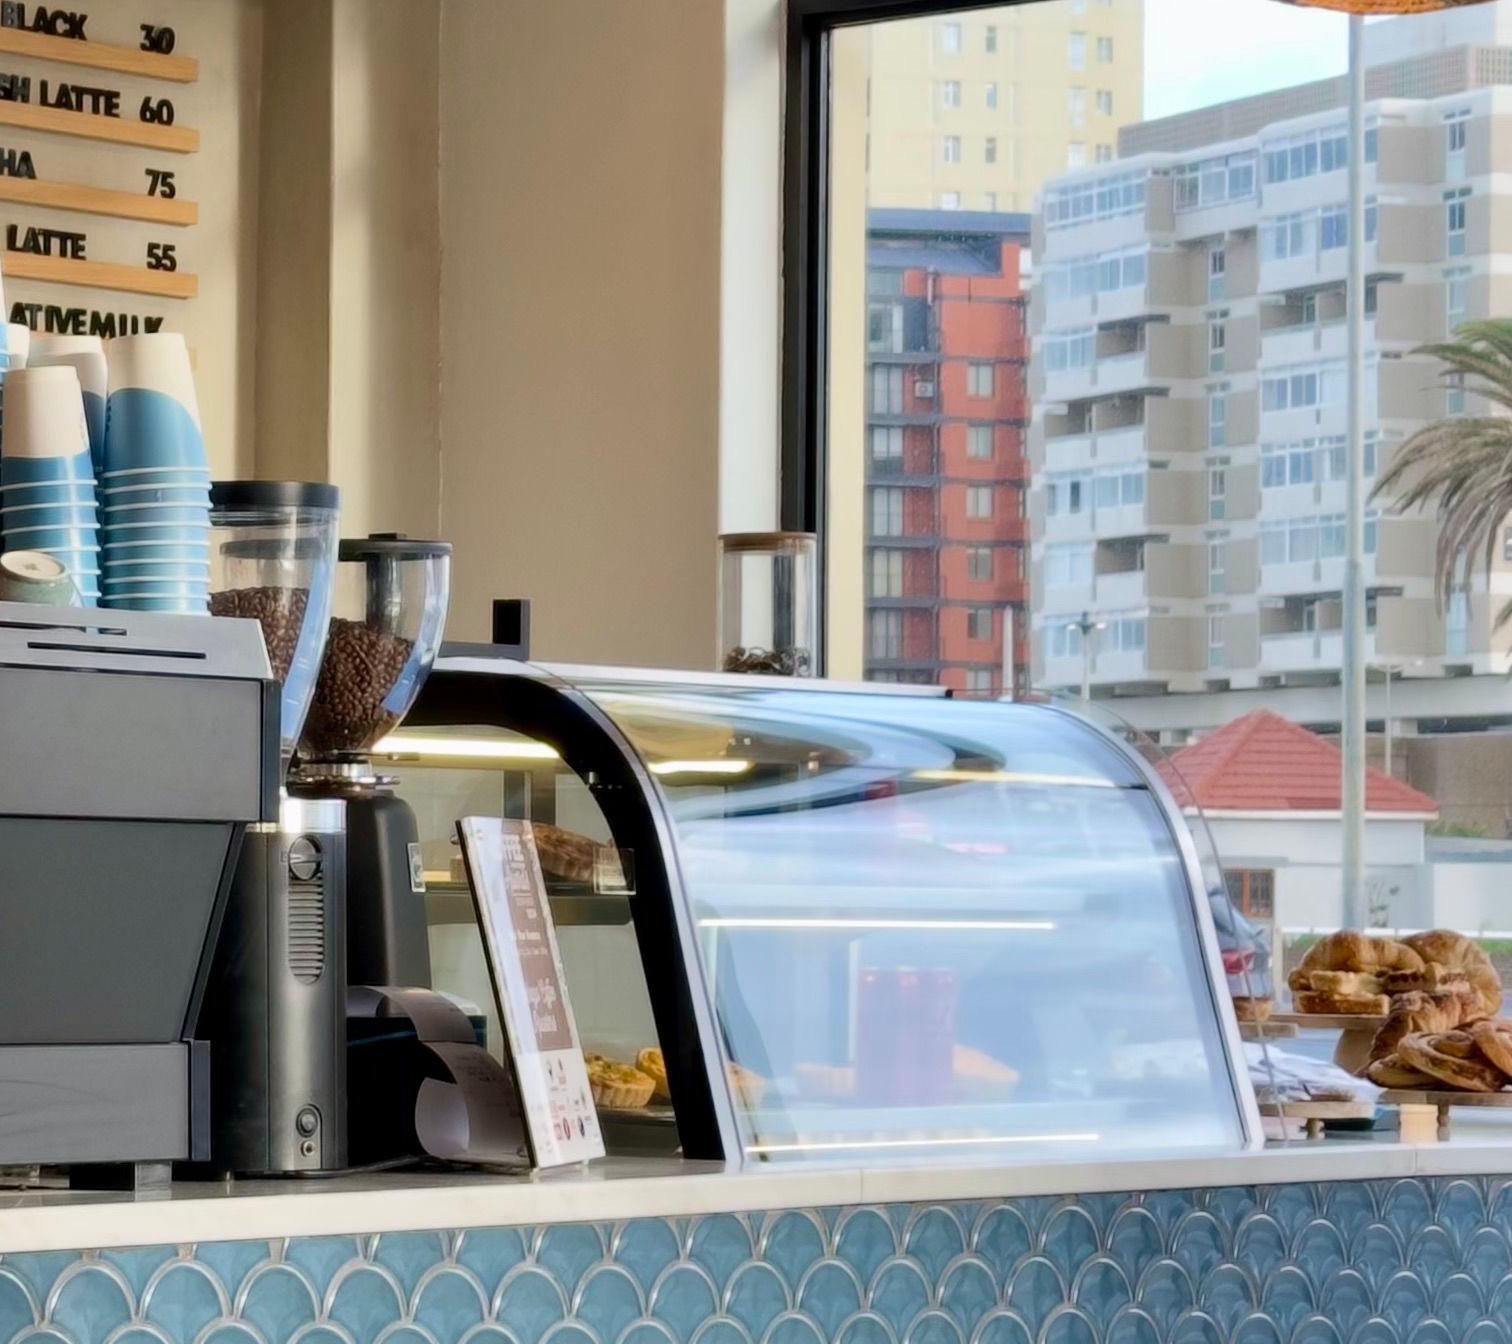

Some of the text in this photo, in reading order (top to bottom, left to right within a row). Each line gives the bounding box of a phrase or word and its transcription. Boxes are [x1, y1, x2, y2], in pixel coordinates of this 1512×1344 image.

[1, 0, 88, 40] BLACK
[140, 23, 176, 55] 30
[39, 79, 120, 118] LATTE
[139, 96, 175, 126] 60
[144, 168, 176, 199] 75
[6, 224, 87, 260] LATTE
[146, 242, 177, 272] 55
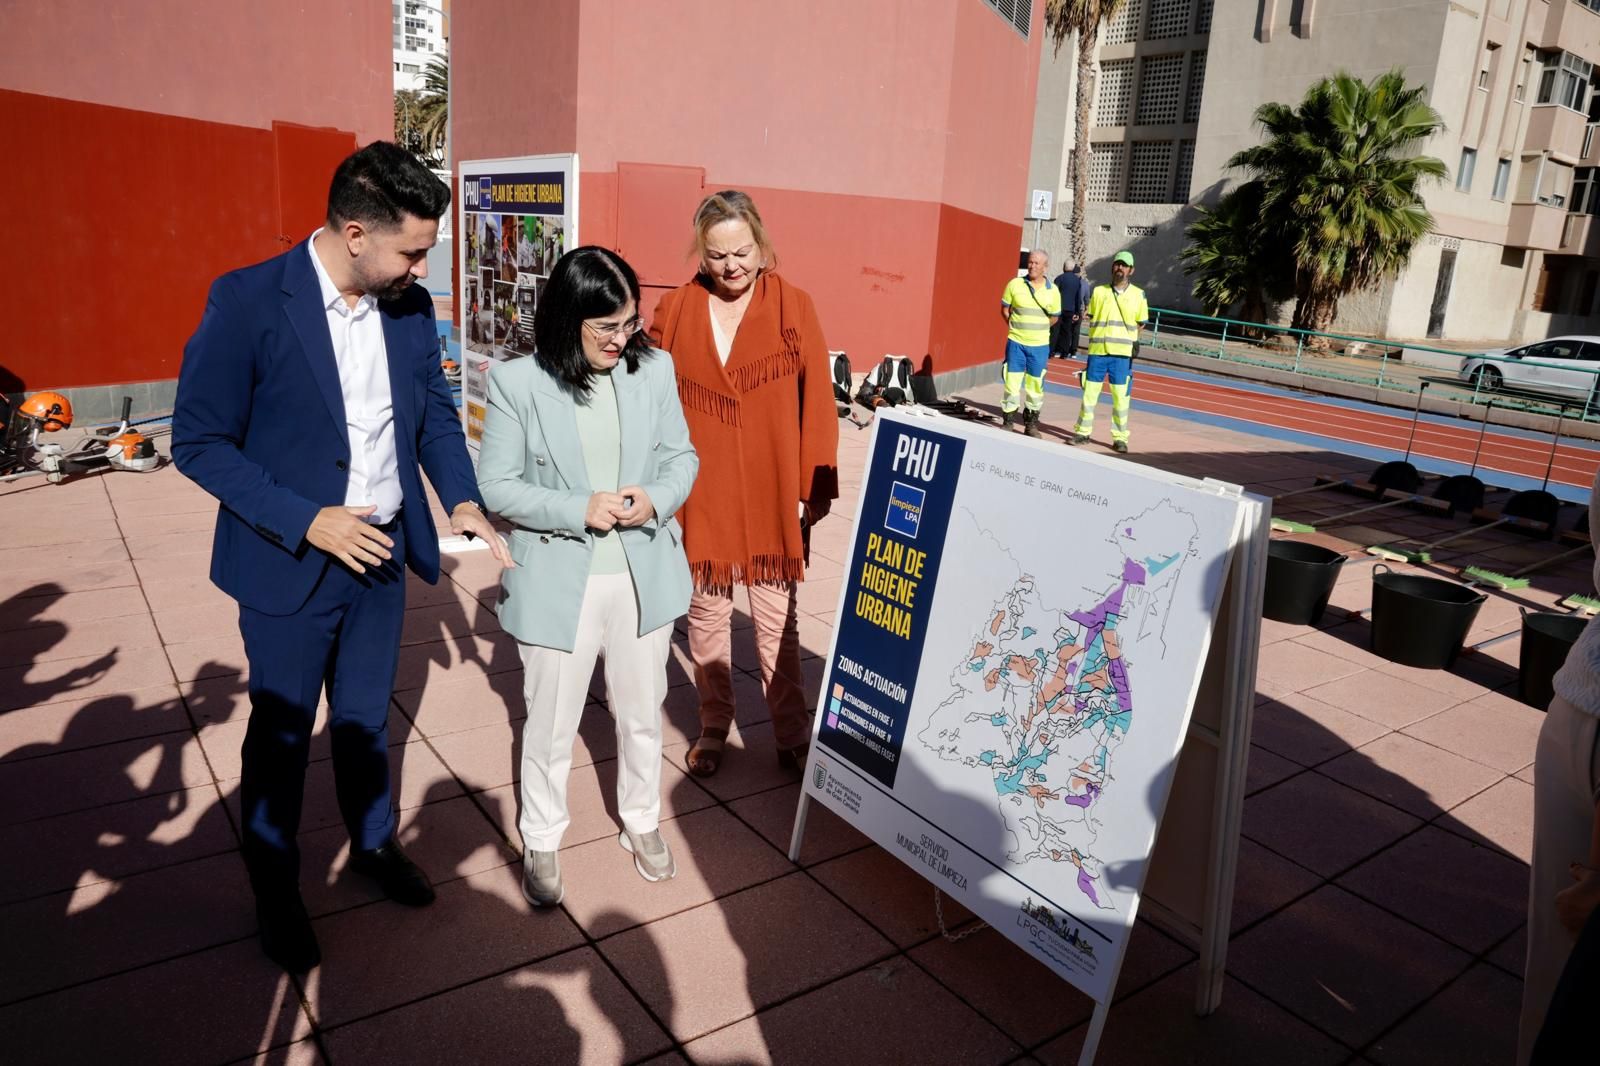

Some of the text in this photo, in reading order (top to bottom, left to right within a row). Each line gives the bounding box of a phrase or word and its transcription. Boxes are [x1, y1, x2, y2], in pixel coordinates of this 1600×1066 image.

[465, 181, 479, 206] PHU
[492, 184, 563, 203] PLAN DE HIGIENE URBANA
[892, 433, 940, 482] PHU
[970, 460, 1109, 508] LAS PALMAS DE GRAN CANARIA
[890, 496, 920, 514] limpieza
[904, 511, 918, 523] LPA
[866, 532, 927, 579] PLAN DE
[860, 561, 918, 608] HIGIENE
[855, 591, 912, 641] URBANA
[838, 655, 907, 704] ZONAS ACTUACIÓN
[840, 706, 869, 729] ACTUACIONES
[868, 720, 876, 733] EN
[875, 725, 887, 741] FASE
[843, 691, 872, 714] ACTUACIONES
[871, 705, 879, 718] EN
[878, 710, 891, 726] FASE
[837, 721, 866, 745] ACTUACIONES
[880, 747, 896, 763] FASES
[828, 774, 862, 801] Ayuntamiento
[831, 791, 842, 802] Gran
[834, 786, 842, 795] Las
[843, 792, 861, 808] Palmas
[895, 832, 968, 892] MUNICIPAL DE LIMPIEZA
[920, 834, 949, 861] SERVICIO
[1016, 914, 1047, 942] LPGC
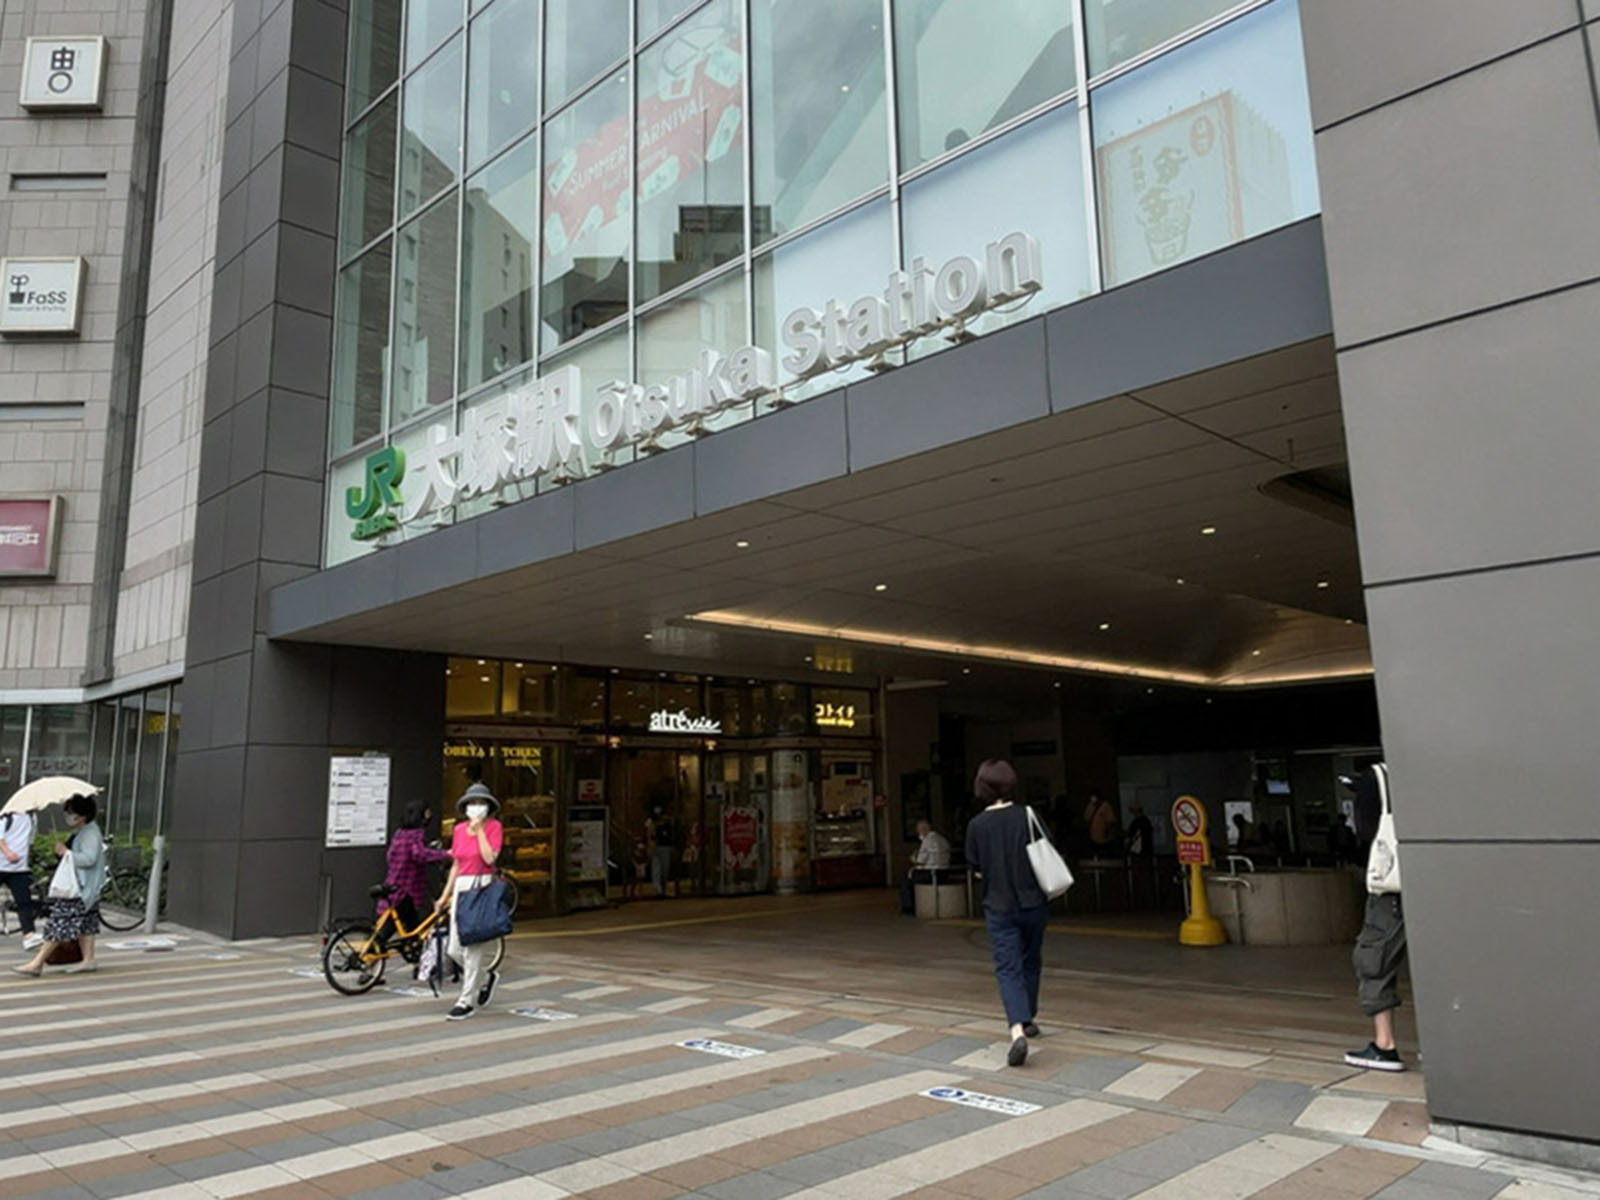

__Exercise goal__
Go back to the line containing "this 1600×1066 image." and output it and every line after it through the end of the records, exactly, but not the pictures.

__Output for this exercise__
Some of the text in this photo, in reading order (top to bottom, left to right within a row). Each line gives the bounding box of a phrase or word and its transcription. Boxes are [x1, y1, x2, y2], in pixel coordinates of this 1600×1066 image.

[465, 181, 479, 206] PHU
[492, 184, 563, 203] PLAN DE HIGIENE URBANA
[892, 433, 940, 482] PHU
[970, 460, 1109, 508] LAS PALMAS DE GRAN CANARIA
[890, 496, 920, 514] limpieza
[904, 511, 918, 523] LPA
[866, 532, 927, 579] PLAN DE
[860, 561, 918, 608] HIGIENE
[855, 591, 912, 641] URBANA
[838, 655, 907, 704] ZONAS ACTUACIÓN
[840, 706, 869, 729] ACTUACIONES
[868, 720, 876, 733] EN
[875, 725, 887, 741] FASE
[843, 691, 872, 714] ACTUACIONES
[871, 705, 879, 718] EN
[878, 710, 891, 726] FASE
[837, 721, 866, 745] ACTUACIONES
[880, 747, 896, 763] FASES
[828, 774, 862, 801] Ayuntamiento
[831, 791, 842, 802] Gran
[834, 786, 842, 795] Las
[843, 792, 861, 808] Palmas
[895, 832, 968, 892] MUNICIPAL DE LIMPIEZA
[920, 834, 949, 861] SERVICIO
[1016, 914, 1047, 942] LPGC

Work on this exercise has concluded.